§ Task item
Give the listing below again exactly, but without any of its pictures.

§ Data to process
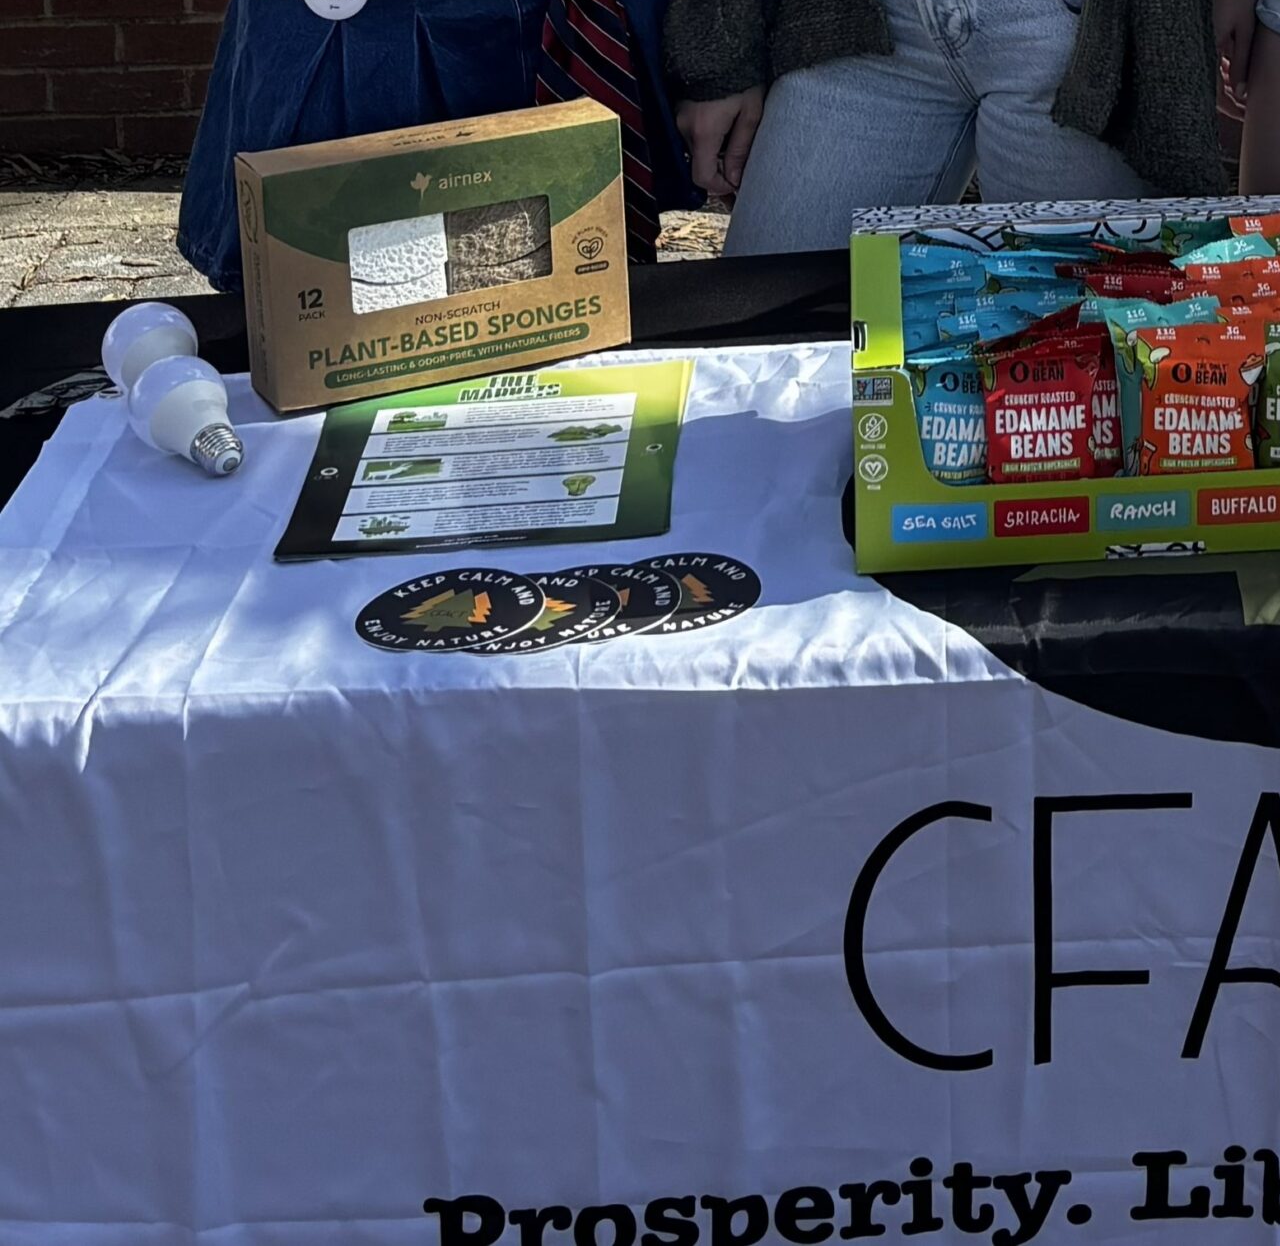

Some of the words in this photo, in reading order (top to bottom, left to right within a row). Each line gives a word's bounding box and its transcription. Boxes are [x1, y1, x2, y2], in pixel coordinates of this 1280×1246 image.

[438, 170, 492, 191] airnex
[1104, 276, 1123, 285] 11G
[297, 288, 324, 310] 12
[299, 311, 326, 322] PACK
[415, 300, 501, 326] NON-SCRATCH
[959, 314, 976, 324] 11G
[1126, 309, 1145, 318] 11G
[309, 320, 479, 370] PLANT-BASED
[487, 295, 602, 336] SPONGES
[337, 363, 407, 383] LONG-LASTING
[477, 343, 503, 356] WITH
[504, 335, 547, 351] NATURAL
[549, 327, 581, 340] FIBERS
[1033, 366, 1065, 382] BEAN
[1195, 370, 1227, 386] BEAN
[934, 402, 967, 414] CRUNCHY
[1005, 393, 1039, 405] CRUNCHY
[1041, 391, 1076, 403] ROASTED
[1164, 393, 1199, 406] CRUNCHY
[1201, 396, 1236, 408] ROASTED
[921, 416, 986, 442] EDAMA
[995, 405, 1087, 434] EDAMAME
[1154, 407, 1244, 432] EDAMAME
[1010, 432, 1073, 459] BEANS
[1168, 433, 1231, 455] BEANS
[1110, 499, 1176, 521] RANCH
[1211, 495, 1277, 516] BUFFALO
[902, 516, 937, 531] SEA
[941, 514, 977, 530] SALT
[1004, 508, 1080, 528] SRIRACHA
[651, 557, 708, 569] CALM
[713, 562, 746, 581] AND
[393, 575, 446, 598] KEEP
[458, 571, 513, 586] CALM
[511, 585, 535, 606] AND
[536, 576, 579, 588] AND
[610, 567, 657, 585] CALM
[654, 584, 670, 607] AND
[662, 601, 745, 632] NATURE
[364, 618, 408, 644] ENJOY
[416, 625, 509, 647] NATURE
[474, 636, 546, 651] NJOY
[423, 1157, 1093, 1246] Prosperity.

§ Answer space
Some of the words in this photo, in reading order (top to bottom, left to right within a row). Each line gives a word's bounding box and its transcription. Boxes are [x1, y1, x2, y2], in pixel coordinates of this 1280×1246 image.

[438, 170, 492, 191] airnex
[1104, 276, 1123, 285] 11G
[297, 288, 324, 310] 12
[299, 311, 326, 322] PACK
[415, 300, 501, 326] NON-SCRATCH
[959, 314, 976, 324] 11G
[1126, 309, 1145, 318] 11G
[309, 320, 479, 370] PLANT-BASED
[487, 295, 602, 336] SPONGES
[337, 363, 407, 383] LONG-LASTING
[477, 343, 503, 356] WITH
[504, 335, 547, 351] NATURAL
[549, 327, 581, 340] FIBERS
[1033, 366, 1065, 382] BEAN
[1195, 370, 1227, 386] BEAN
[934, 402, 967, 414] CRUNCHY
[1005, 393, 1039, 405] CRUNCHY
[1041, 391, 1076, 403] ROASTED
[1164, 393, 1199, 406] CRUNCHY
[1201, 396, 1236, 408] ROASTED
[921, 416, 986, 442] EDAMA
[995, 405, 1087, 434] EDAMAME
[1154, 407, 1244, 432] EDAMAME
[1010, 432, 1073, 459] BEANS
[1168, 433, 1231, 455] BEANS
[1110, 499, 1176, 521] RANCH
[1211, 495, 1277, 516] BUFFALO
[902, 516, 937, 531] SEA
[941, 514, 977, 530] SALT
[1004, 508, 1080, 528] SRIRACHA
[651, 557, 708, 569] CALM
[713, 562, 746, 581] AND
[393, 575, 446, 598] KEEP
[458, 571, 513, 586] CALM
[511, 585, 535, 606] AND
[536, 576, 579, 588] AND
[610, 567, 657, 585] CALM
[654, 584, 670, 607] AND
[662, 601, 745, 632] NATURE
[364, 618, 408, 644] ENJOY
[416, 625, 509, 647] NATURE
[474, 636, 546, 651] NJOY
[423, 1157, 1093, 1246] Prosperity.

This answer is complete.